Where the property is stolen, it has been held that the bailee is not liable unless the loss is the result of gross negligence on his part.2 But it was held in State vs. Meagher,3 that the fact of theft was presumptive evidence of carelessness or fraud under the civil law, and that a bailee having reason to believe that there is danger of robbery who takes no precautions against it, is negligent.4 And where a bailee used the property and substituted other property of a similar kind and value, which was stolen, he was held liable for the loss to the bailor.5

Mere knowledge by the bailor of the mode in which a bailee cares for property intrusted to him will not absolve the latter from liability for want of due care in keeping the property. Such knowledge, accompanied by evidence of long acquiescence without objection, might show an agreement as to the nature and degree of care which the bailee was to use, but beyond this it would not be safe to go.6

1 Chase vs. Maberry, 3 Harr. (Del.), 266; Dunn vs. Kyle, 14 Bush. (Ky.), 134; Schermer vs. New-rath, 54 Md., 491.

2 Whitney vs. Lee, 8 Metc. (Mass.), 91; Tancil vs. Seaton, 28 Gratt. (Va.), 601, 26 Am. Rep., 380. But see Huxley vs. Hartzell, 44 Mo., 370, holding that the mere fact that an article was stolen without the knowledge of the bailee, is not an excuse, but that it must appear that it was lost without his negligence or fault.
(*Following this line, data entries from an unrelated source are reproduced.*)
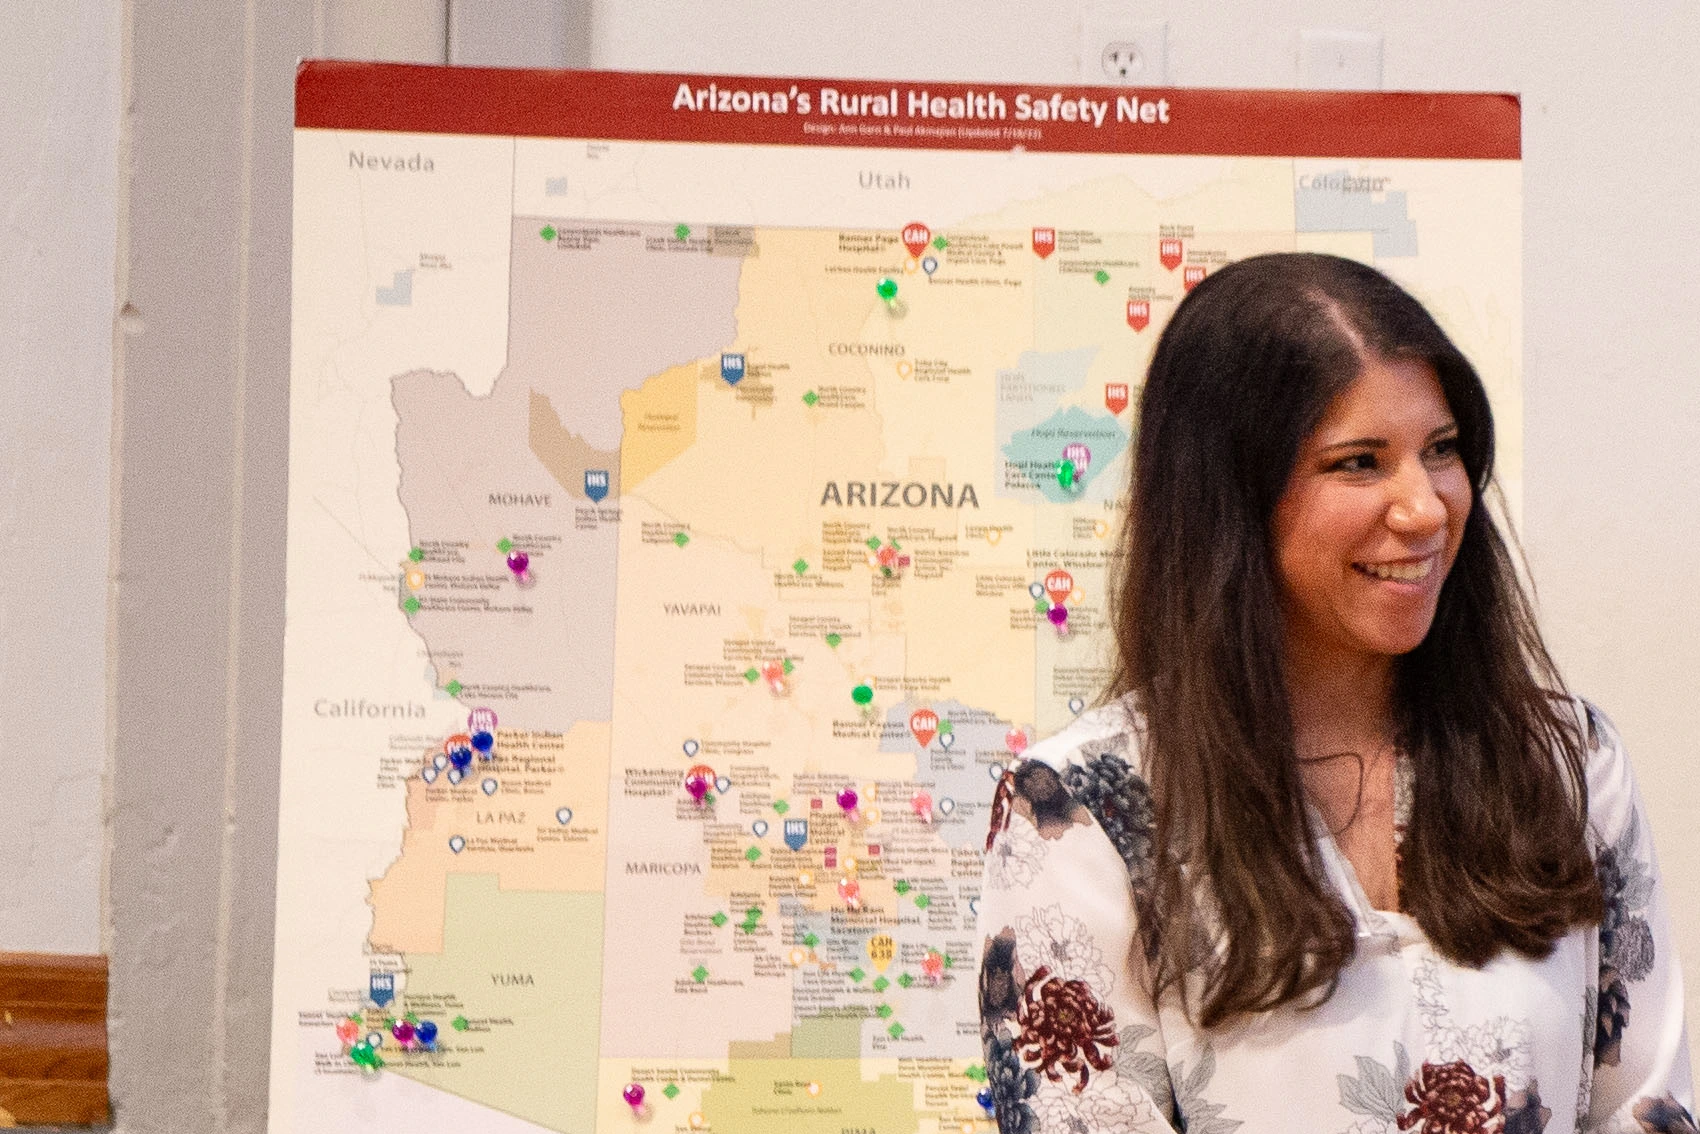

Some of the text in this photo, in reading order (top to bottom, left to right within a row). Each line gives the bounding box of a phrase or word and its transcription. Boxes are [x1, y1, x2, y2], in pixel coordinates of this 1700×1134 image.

[673, 83, 1170, 128] Arizona's Rural Health Safety Net
[348, 151, 435, 173] Nevada
[859, 171, 911, 190] Utah
[828, 343, 906, 356] COCONINO
[488, 493, 552, 507] MOHAVE
[820, 480, 980, 509] ARIZONA
[314, 698, 426, 719] California
[911, 716, 937, 730] CAH
[624, 862, 702, 875] MARICOPA
[491, 974, 535, 986] YUMA
3 44 Mo., 356; 100 Am. Dec, 298.

4 Henkins vs. Motlow, 1 Sneed (Tenn.), 248; 60 Am. Dec, 154.

5 Anderson vs. Foresman, Wright (Ohio), 598.

In Louisiana, under the code, the bailee must take the same care of the subject-matter of the bailment as he uses with respect to his own property.7 Proof that the bailee so dealt with the property raises a presumption of adequate diligence.

Bailments for the bailor's sole benefit include the depositum and the mandatum.